The church history in Tanzania shows that for quite a long time, the church identified itself along denominational lines and had closed the door on the possibility of cooperating together as the body of Christ.
The pastors from our pioneer partner churches had never sat together for the business of God’s kingdom. There had never been joint prayer sessions, and the idea of a one-week joint workshop, which we organized and conducted at Masoka Management College in Moshi, was unimagined. Therefore, establishing Compassion International Tanzania required great energy in order to share the vision. It was accompanied with much prayer and crying.
Weekly social workers’ fellowship, women’s prayer meetings, pastors’ retreats and other forums helped greatly to change the mindset and attitudes of the church leaders. All these contributed to breaking the walls of misunderstanding and hatred. This then helped the child development center staff since they could easily interact among themselves as they helped one another without minding their denominational background.
Initially, we called pastors and elders of the would-be partner churches and had a one-day sharing on what it means to partner with Compassion for child ministry. Then all the selected churches were invited for a one-week vision sharing. During this week of workshops a lot was shared about the child, partnership, rules and responsibilities, policies and guidelines, etc. A team of up to 10 people was invited from each church.
Slowly pastors started understanding the ministry and accepting it in their churches. This happened because people could evidently see the changes in the lives of the children.
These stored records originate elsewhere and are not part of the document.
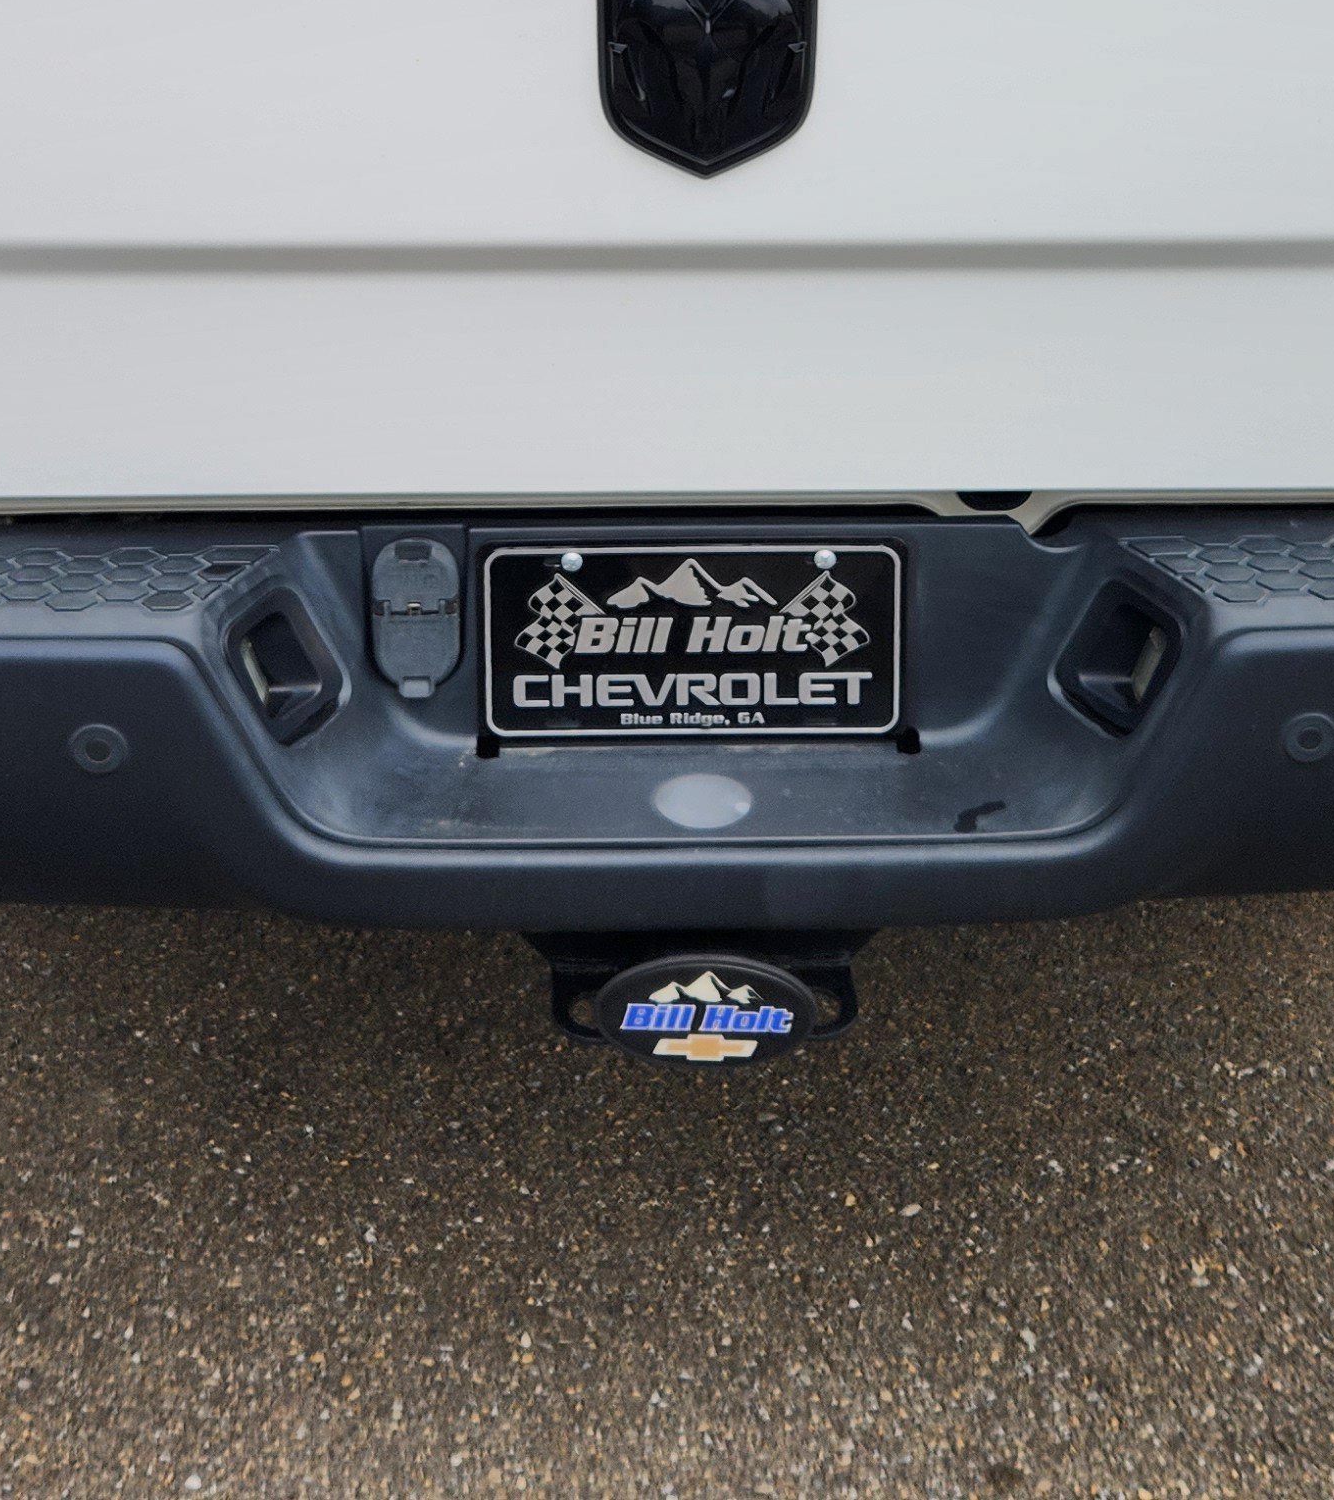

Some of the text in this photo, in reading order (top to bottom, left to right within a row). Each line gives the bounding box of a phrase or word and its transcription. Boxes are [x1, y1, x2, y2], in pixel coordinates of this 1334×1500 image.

[574, 615, 811, 653] Bill Holt
[513, 671, 873, 708] CHEVROLET
[620, 711, 765, 727] Blue Ridge, GA
[620, 1002, 794, 1033] Bill Holt
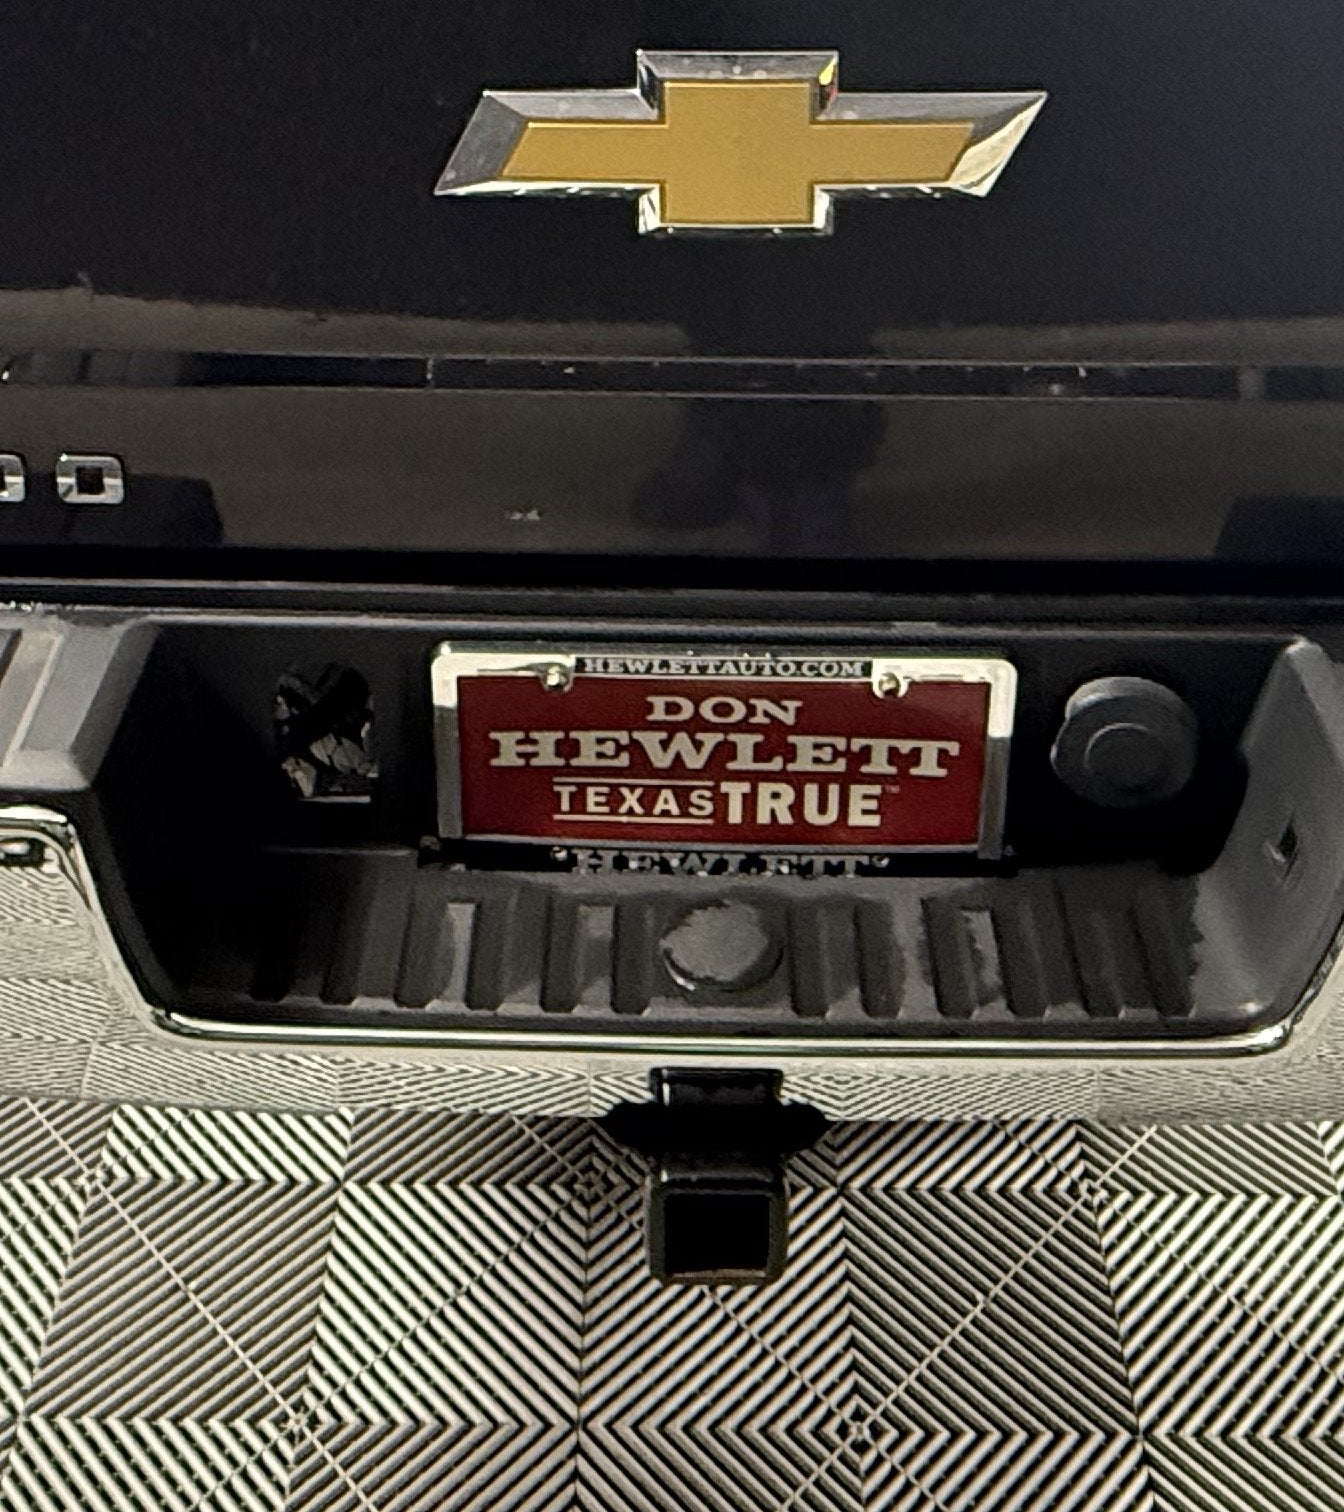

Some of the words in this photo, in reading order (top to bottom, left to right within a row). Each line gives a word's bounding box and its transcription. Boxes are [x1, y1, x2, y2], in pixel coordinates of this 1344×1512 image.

[583, 658, 864, 677] HEWLETTAUTO.COM
[645, 695, 804, 726] DON
[489, 730, 960, 778] HEWLETT
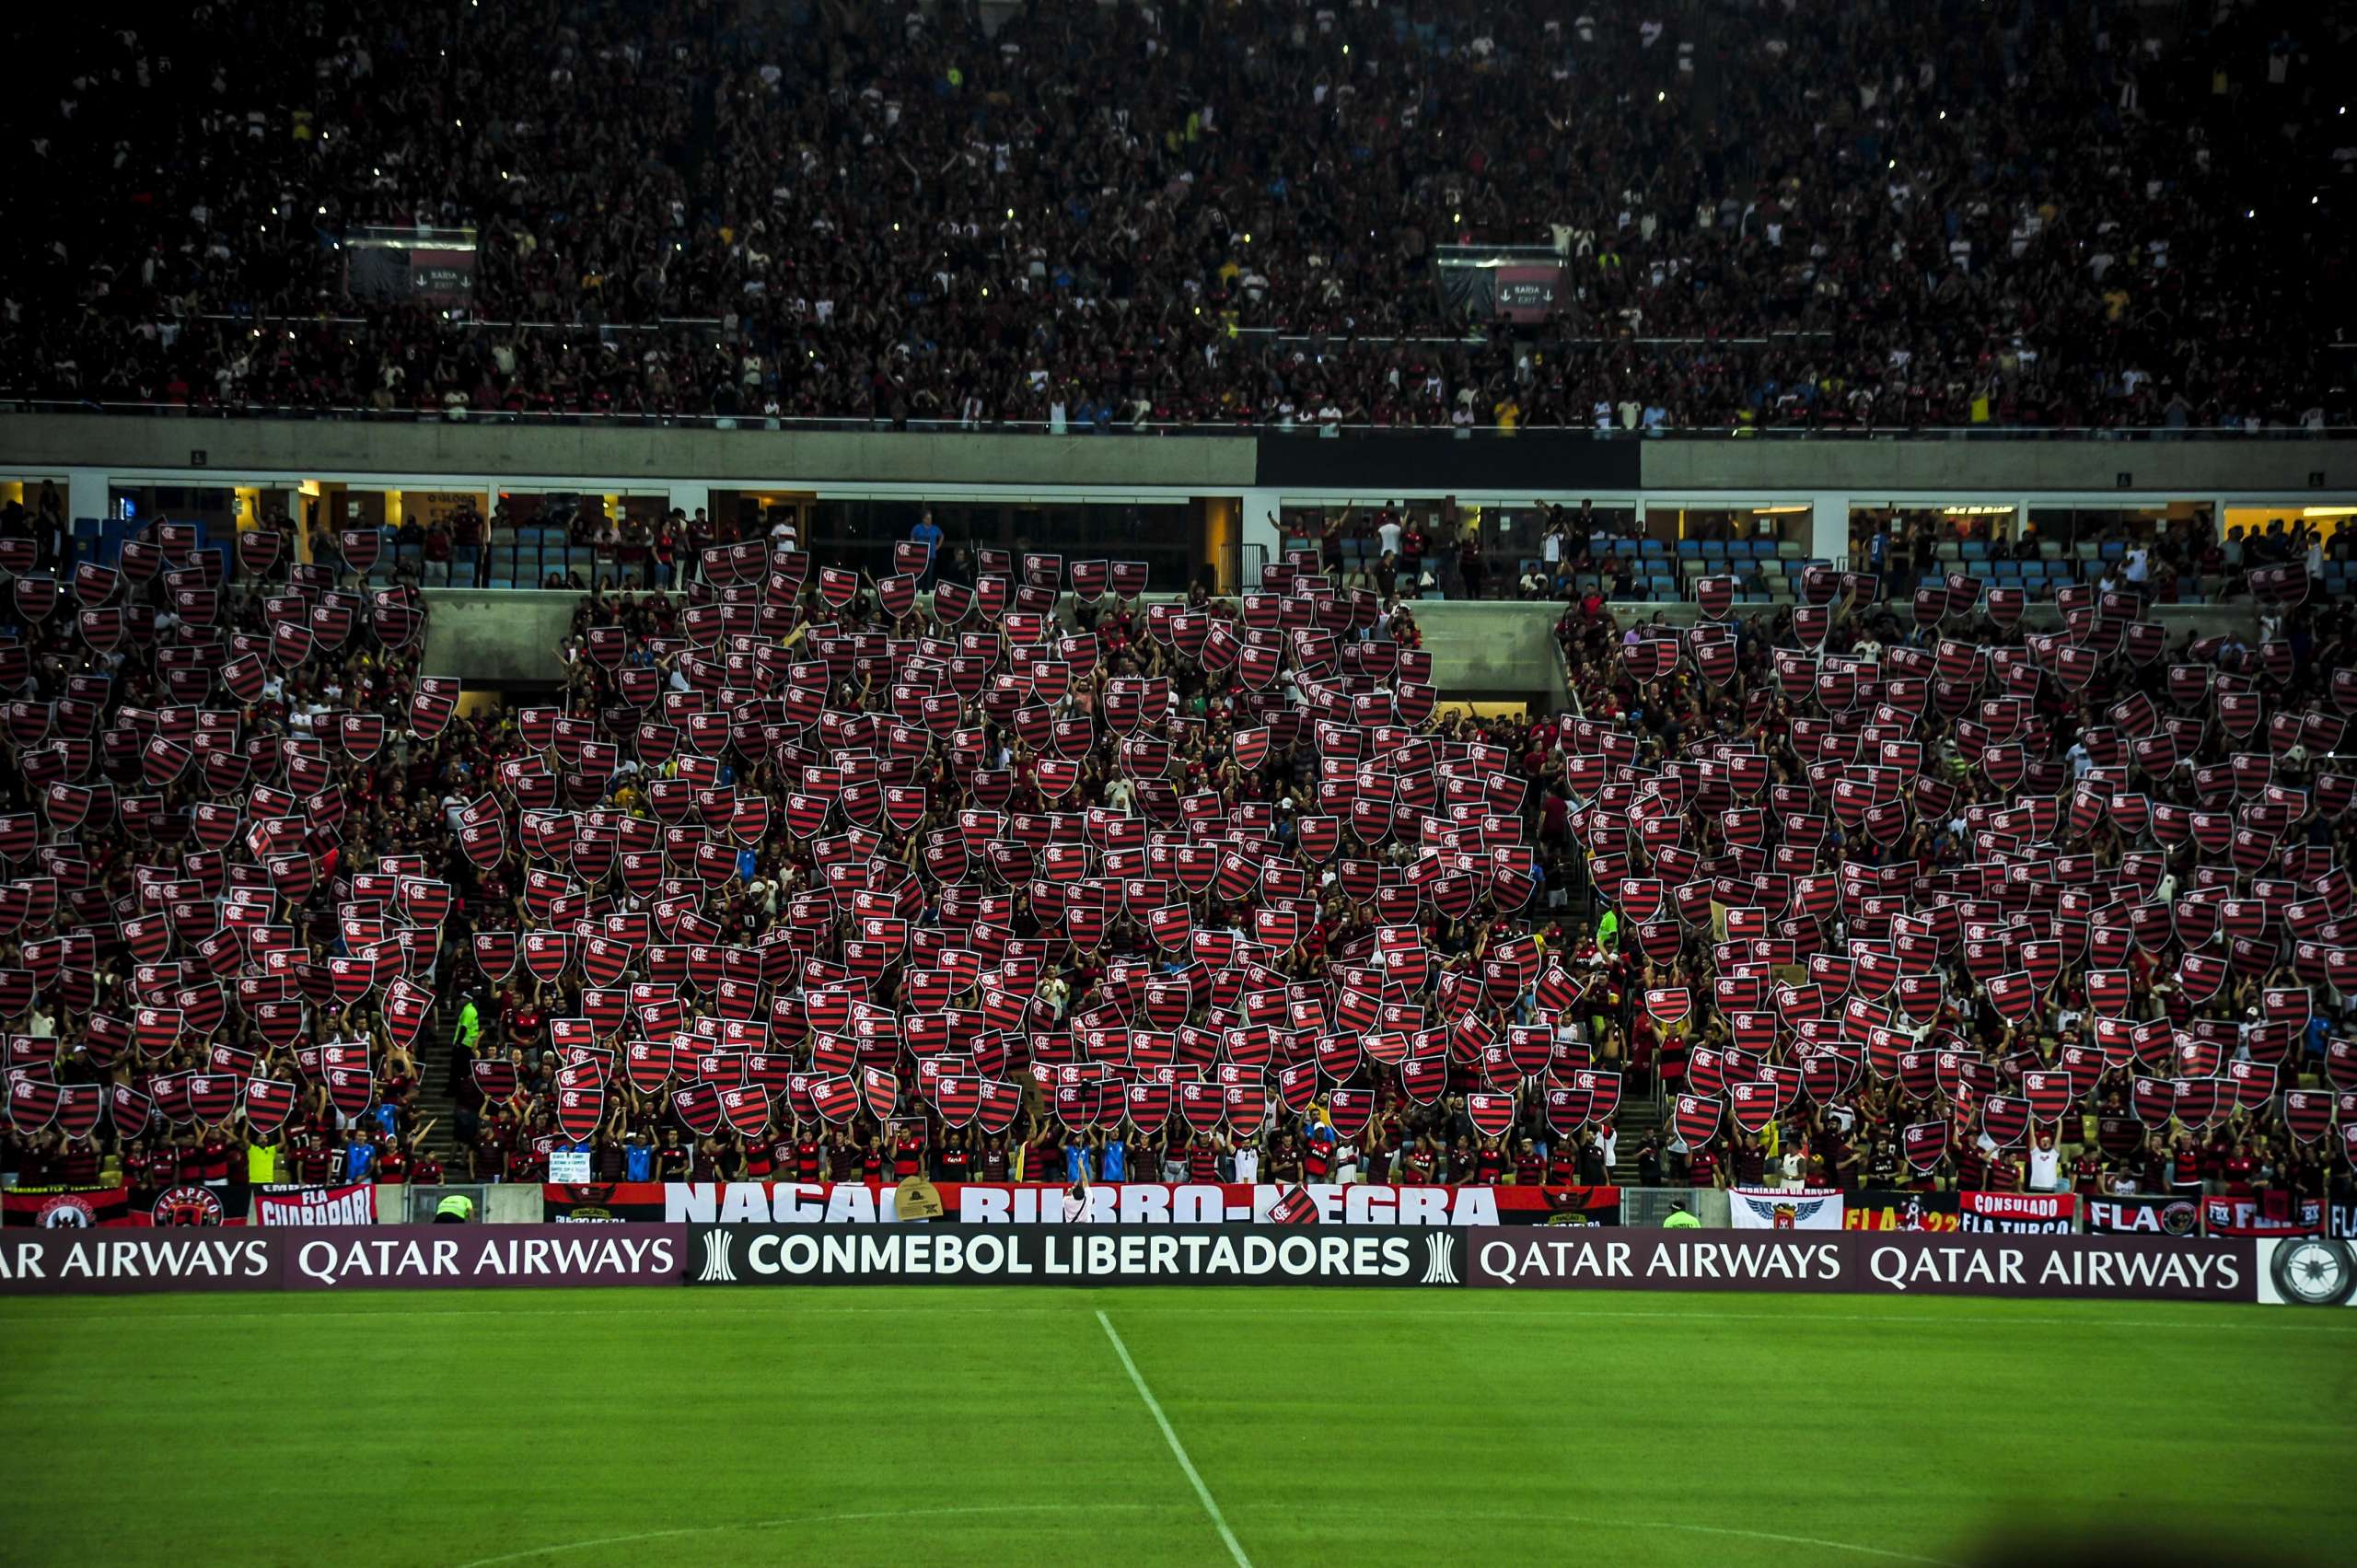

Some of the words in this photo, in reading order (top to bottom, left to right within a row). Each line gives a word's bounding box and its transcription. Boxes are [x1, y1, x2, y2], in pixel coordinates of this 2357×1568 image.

[302, 1190, 328, 1205] FLA
[1974, 1194, 2059, 1217] CONSULADO
[1963, 1212, 1994, 1234] FLA
[2090, 1202, 2161, 1232] FLA
[60, 1240, 268, 1278] AIRWAYS
[299, 1240, 460, 1285] QATAR
[473, 1238, 674, 1275] AIRWAYS
[748, 1235, 1032, 1274] CONMEBOL
[1045, 1236, 1411, 1277] LIBERTADORES
[1480, 1241, 1633, 1284] QATAR
[1646, 1243, 1840, 1280] AIRWAYS
[1870, 1247, 2026, 1291] QATAR
[2039, 1250, 2239, 1290] AIRWAYS
Children who had never been to a church before were now singing Sunday school songs on Saturdays with joy. They were reciting their memory verses and praying.
One child who was attending a child development center in the initial days was living with his dad, who was a witch doctor. After attending the program and learning how to pray, his father could no longer practice his witchcraft. He (the father) went to complain to the church and was quoted as saying,
“These children have been spoiled, and as my child prays my business is affected.”
The churches started breaking down the barriers that set them apart and were coming closer and closer to each other. The children are being registered according to where they live and not where they go to church. It is evident that Compassion has brought a new culture of church/denominational cooperation to Tanzania, and that the cooperation is still growing.
The ministry of Compassion is now accepted all over Tanzania. The commissioning of Compassion’s child ministry in Tabora, the 11th region where we operate, marks a new beginning for us … but you already know about that .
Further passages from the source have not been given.